The Globe and Mail‘s Editorial Board tread into controversial territory recently by saying Canada’s “bonkers” housing market is making the case for taxing capital gains on the sale of principal residences.
The editorial readily admits it would be the country’s “most unpopular tax,” but suggests it’s a discussion worth having due to the enormous tax-free gains being made by today’s sellers.
“No one likes taxes. But this unique hole in the tax code is big, and it encourages Canadians to sink ever more money into real estate,” the editorial reads. “Since 2000, home prices in Canada’s big cities are up 270%.”
The Department of Finance actually tracks the revenue the government is missing out on by not taxing home equity on principal residences: $7.1 billion this year alone.
“Today, the housing tax break is one whose biggest benefits flow to those with the deepest pockets,” the piece continues. “A $200,000 gain on the sale of a $300,000 home is tax free, but so is a $10-million windfall on the sale of a $15-million home.”
But the Globe readily admits the likelihood of this tax seeing the light of day is “low.”
Columnist Andrew Coyne penned a piece on the subject last July, writing: “If homeownership were not so (artificially) financially attractive, more people might choose to rent, rather than buy. The supply of rental properties would likely increase, in line with the demand…With less distinction between what you can buy and what you can rent, fewer Canadians would be induced to take on more house than they can afford for lifestyle reasons.”

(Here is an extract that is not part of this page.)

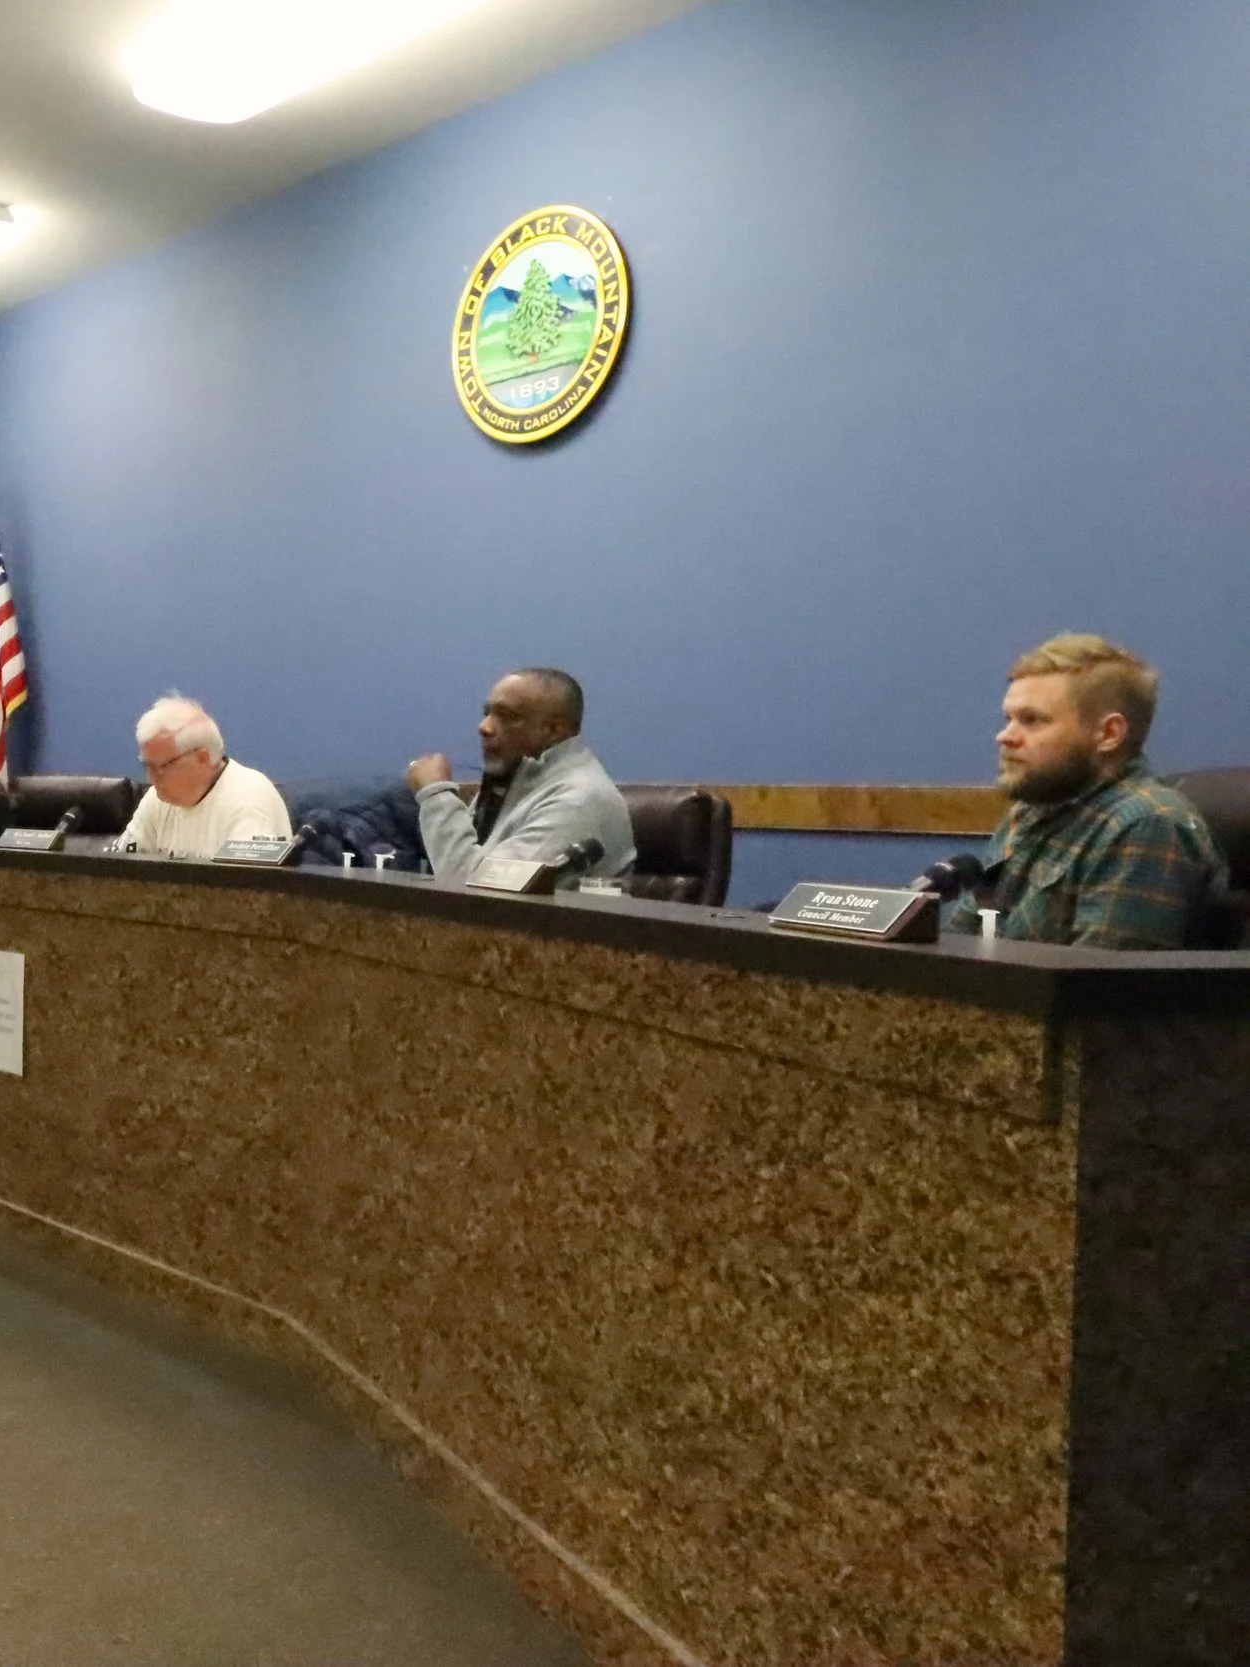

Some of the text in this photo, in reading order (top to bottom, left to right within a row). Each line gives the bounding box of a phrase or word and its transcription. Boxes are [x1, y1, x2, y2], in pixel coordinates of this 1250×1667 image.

That piece elicited this reaction on Twitter from former CMHC CEO Evan Siddall: “…interesting observations re: tax-free gains on housing — *NOT* under consideration, however, and [the Government of Canada] has denied any interest.”
And by the 900+ comments on the Globe‘s latest editorial—the large majority with negative reactions—it’s clear any government that would attempt to enact such taxation would face a firestorm of criticism from angry homeowners, of which two thirds of Canadians now call themselves.
But those in favour of taxing capital gains on home sales say the opposition is no reason to back down. “That doesn’t mean it’s not worth pursuing,” Coyne wrote. “As with most such proposals to take away someone’s tax break, the bigger the blowback, the better the idea.”
Canada’s Top Livable Cities Unveiled
For city dwellers looking to make their big move to a smaller and (slightly) more affordable housing market, there’s now a list of more than 150 of Canada’s most livable communities.
RATESDOTCA recently unveiled its list of the 10 Most Livable Places in 2021, based on a number of desirability factors, including positive population growth, home price growth, low mortgage costs, along with other criteria like nightlife, climate and scenic beauty.
Langford, BC, topped the list for 2021, described as “small but fast-growing,” followed by the lakefront mountain town of Kelowna, BC, and Trois-Rivières, QC. Ontario’s sole Top-10 placing was Niagara-on-the-Lake at number 6.
At number 4, Bathhurst, NB, was the top-ranked city with the lowest mortgage carrying cost, with a monthly payment of under $500.
The list was released in conjunction with a Leger survey, which found more than half (51%) of those who moved due to COVID-19 in 2020 did so to “live in an area with more nature.” Affordability was the bigger factor for 36% of respondents who said they moved to find a cheaper home.
Fixed Rates Keep on Rising
Mortgage rates have continued on their upward trajectory since we first reported on rising fixed mortgage rates a month ago.
While there are still some nationally available 5-year fixed rates (both insured and uninsured) available for under 2.00%, they’re not likely to stay there for long.
Many of the Big 6 banks have raised their rates in recent weeks, bringing their 5-year fixed conventional rates above 2.00%. Meanwhile, as lenders have been raising fixed mortgage rates, they’ve also been lowering their variable rates by small increments.
This begs the question: given the divergence in rates, would a new borrower be better to go fixed or variable? Well, it depends who you ask.
“The modest difference between fixed and variable rates doesn’t provide much incentive to float your mortgage,” notes RateSpy’s Rob McLister.
However, Dave Larock of Integrated Mortgage Planners outlined a number of reasons why he thinks longer-term deflationary pressures will persist, and why variable rates may be the better option.
“I continue to believe that, for most borrowers, variable rates are a better option than today’s fixed-rate alternatives,” he wrote.